Les prix des légumes au Maroc risquent de connaître une nouvelle hausse en raison d’une baisse des approvisionnements

Les prix d'un certain nombre de légumes de base au Maroc devraient continuer à augmenter dans les prochains jours, en raison de la baisse des quantités disponibles sur les marchés, liée à des facteurs climatiques et à la période de transition entre les saisons agricoles, selon des professionnels du secteur.
Parmi les produits les plus exposés à une hausse des prix figurent les tomates, les pommes de terre et les poivrons, des légumes très consommés sur le marché local, ce qui fait que toute baisse des volumes d’approvisionnement se répercute rapidement sur les prix.

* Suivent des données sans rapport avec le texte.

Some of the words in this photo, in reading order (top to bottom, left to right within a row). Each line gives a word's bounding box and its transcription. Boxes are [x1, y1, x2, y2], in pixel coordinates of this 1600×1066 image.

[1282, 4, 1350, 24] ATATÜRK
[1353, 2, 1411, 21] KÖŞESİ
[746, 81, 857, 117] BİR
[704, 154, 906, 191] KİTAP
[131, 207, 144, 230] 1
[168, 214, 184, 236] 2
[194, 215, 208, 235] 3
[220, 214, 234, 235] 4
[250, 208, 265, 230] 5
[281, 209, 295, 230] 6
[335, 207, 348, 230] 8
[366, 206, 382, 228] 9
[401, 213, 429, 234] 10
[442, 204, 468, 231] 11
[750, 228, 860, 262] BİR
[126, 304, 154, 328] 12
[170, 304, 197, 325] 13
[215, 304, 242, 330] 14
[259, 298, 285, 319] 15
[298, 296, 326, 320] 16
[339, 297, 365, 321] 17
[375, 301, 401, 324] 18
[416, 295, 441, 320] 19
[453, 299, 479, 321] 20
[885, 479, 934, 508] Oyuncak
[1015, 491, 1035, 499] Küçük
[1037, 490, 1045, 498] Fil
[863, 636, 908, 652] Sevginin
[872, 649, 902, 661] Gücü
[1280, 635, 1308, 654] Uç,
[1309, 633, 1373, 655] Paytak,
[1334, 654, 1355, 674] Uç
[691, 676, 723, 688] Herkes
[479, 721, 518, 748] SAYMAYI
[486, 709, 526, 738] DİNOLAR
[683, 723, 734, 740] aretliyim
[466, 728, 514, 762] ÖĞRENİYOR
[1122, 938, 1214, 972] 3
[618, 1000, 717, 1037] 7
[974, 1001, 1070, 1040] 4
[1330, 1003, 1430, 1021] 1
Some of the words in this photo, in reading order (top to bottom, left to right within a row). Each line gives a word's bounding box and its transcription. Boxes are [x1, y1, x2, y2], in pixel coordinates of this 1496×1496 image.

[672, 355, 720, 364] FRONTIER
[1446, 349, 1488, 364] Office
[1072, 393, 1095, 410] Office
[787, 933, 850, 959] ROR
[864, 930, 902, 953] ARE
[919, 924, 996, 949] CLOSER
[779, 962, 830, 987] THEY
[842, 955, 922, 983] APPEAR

Mohamed El Zamarani, qui préside une association marocaine d’exportateurs, a expliqué que les inondations qui ont touché la région de l’Ouest ont affecté certaines cultures, parallèlement à la baisse des quantités de légumes disponibles sur les principaux marchés, dont le marché d’Inezgane, qui compte parmi les principaux centres de distribution de produits agricoles du pays.

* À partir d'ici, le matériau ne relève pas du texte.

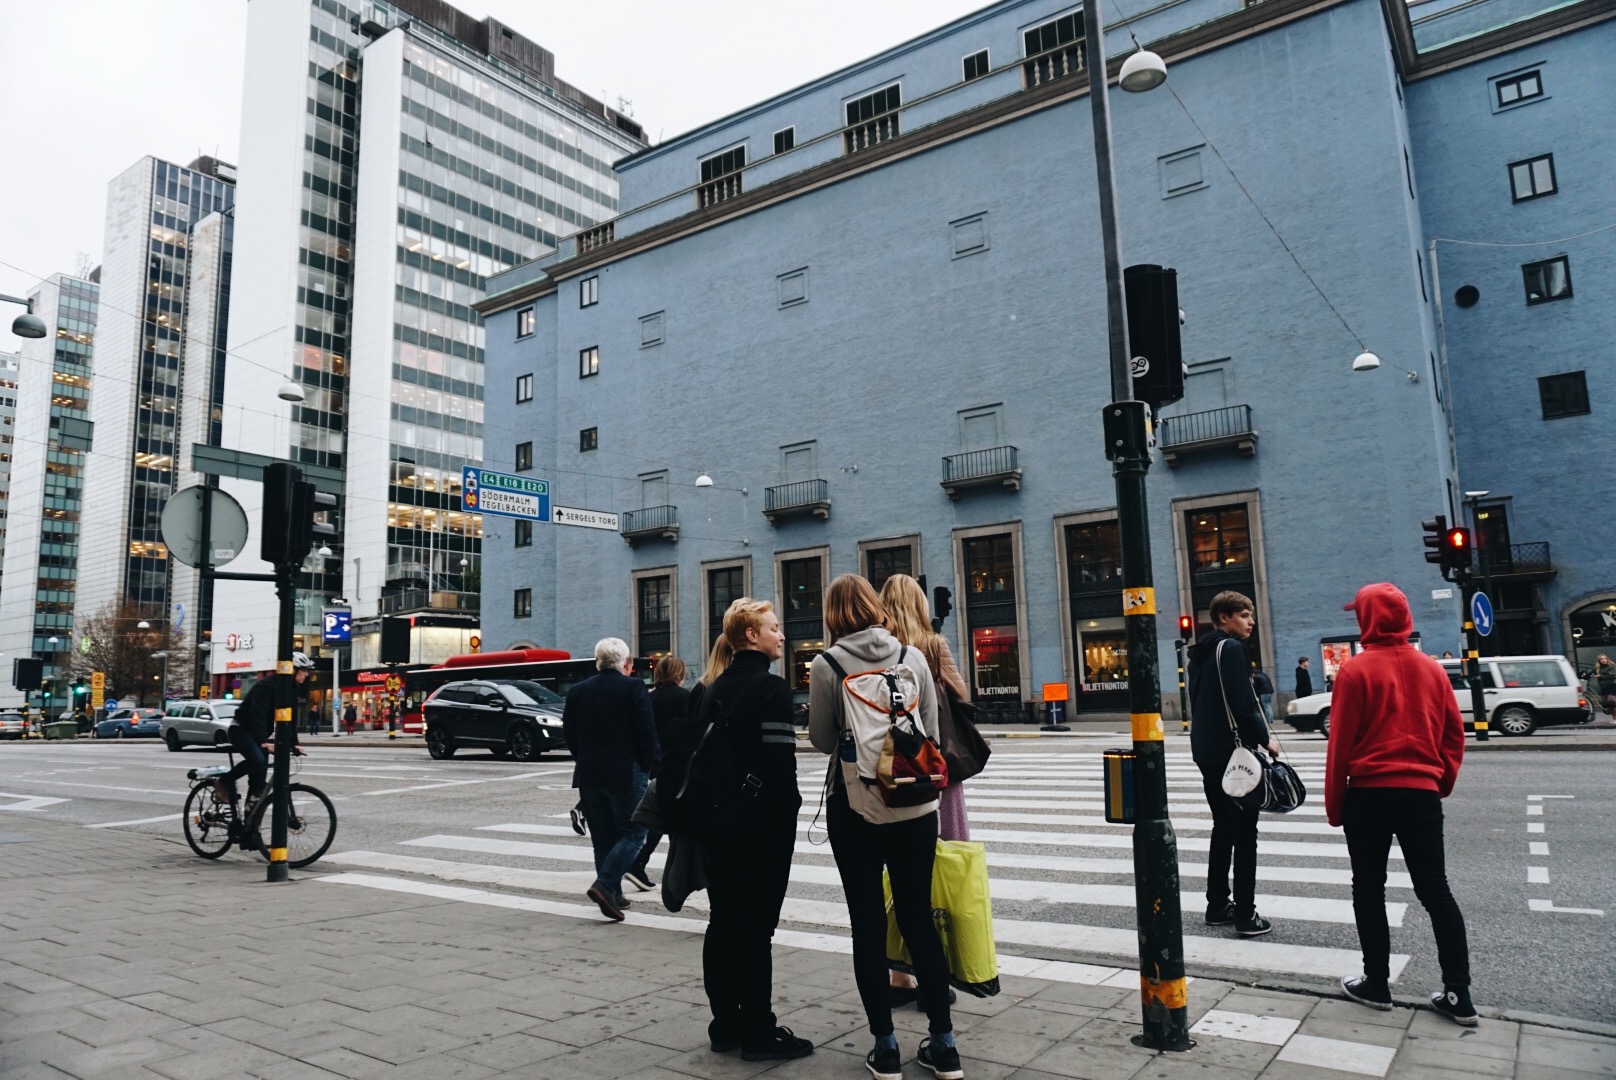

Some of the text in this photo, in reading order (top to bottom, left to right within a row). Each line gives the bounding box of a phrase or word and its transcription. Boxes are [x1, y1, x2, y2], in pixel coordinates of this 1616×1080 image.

[483, 474, 544, 492] E4 E18 E20
[481, 490, 531, 505] SÖDERMALM
[481, 500, 537, 515] TEGELBACKEN
[566, 512, 617, 526] SERGELS TORG
[325, 616, 337, 632] P
[977, 686, 1019, 696] BILJETTKONTOR
[1082, 681, 1129, 692] BILJETTKONTOR

M. Al-Zamarani a souligné que les exportations de tomates et de pommes de terre vers les marchés africains restaient à l’arrêt, malgré la persistance des pressions sur les prix au sein du marché national.
Un déficit saisonnier qui pèse sur l’offre
De son côté, Abdelrazak Chabi, président de l’Association des commerçants du marché de gros des fruits et légumes de Casablanca, a expliqué que la baisse de l’offre pendant cette période n’est pas tout à fait exceptionnelle, puisqu’elle se produit généralement entre mi-juillet et mi-septembre.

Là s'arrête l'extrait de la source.